In this release, these algorithms are implemented:
- Sequential Louvain
- Parallel Sort & Select
- Parallel Naive Partitioning
- Parallel Sort & Select Chunk based
There are several execution options that allow the user to achieve an high degree of control,
besides the selection of the algorithm to run.
The implementation also easily allows to control the execution flow to create hybrids from
the existing algorithms and adapt in the best way to the input graph properties. This is,
however, left to the user's discretion and, as of now, no runtime tuning is implemented.
find-communities-framework-stable-v.01
This release includes the definition of a framework for the development of solutions to the problem of finding communities in large graphs. Currently the only implemented methods focus on the Louvain method, but there is room for expansion.
This framework is intended to be a tool to study the problem, develop, implement and analyze new solutions, both sequential and parallel.

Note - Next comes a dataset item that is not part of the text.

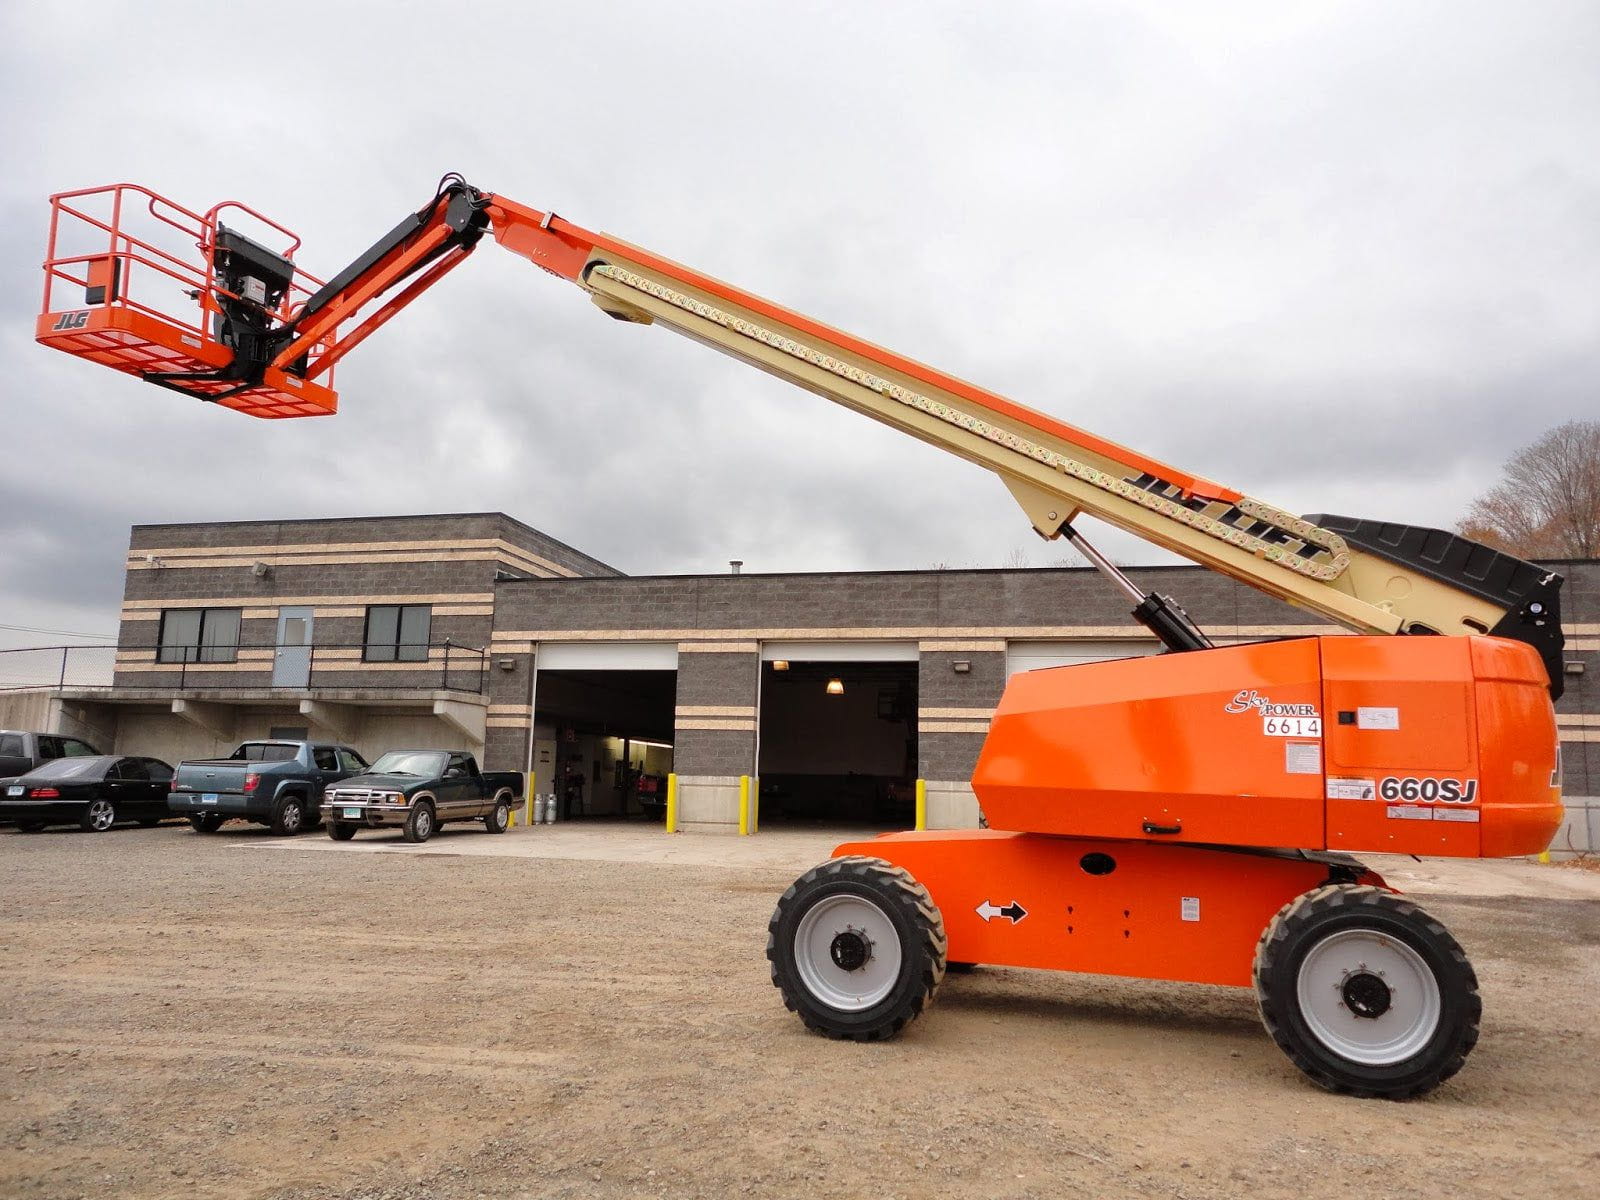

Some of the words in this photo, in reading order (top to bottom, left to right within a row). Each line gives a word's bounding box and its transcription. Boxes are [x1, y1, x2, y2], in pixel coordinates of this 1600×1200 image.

In this release there are three different algorithms implemented.
- Sequential Louvain
- Parallel (Sort & Select)
- Parallel (Naive Partitioning)
The user is able to choose the preferred one at program start with the -a option. More information is contained in the help (that is shown using the -h option).
There are also options to control the number of threads, and several execution options.
The implementation also easily allow to control the flow execution to create hybrids from the existing solutions and adapt in the best way to the input graph properties. This is, however, left to the programmer discretion and, as of now, no runtime tuning is implemented.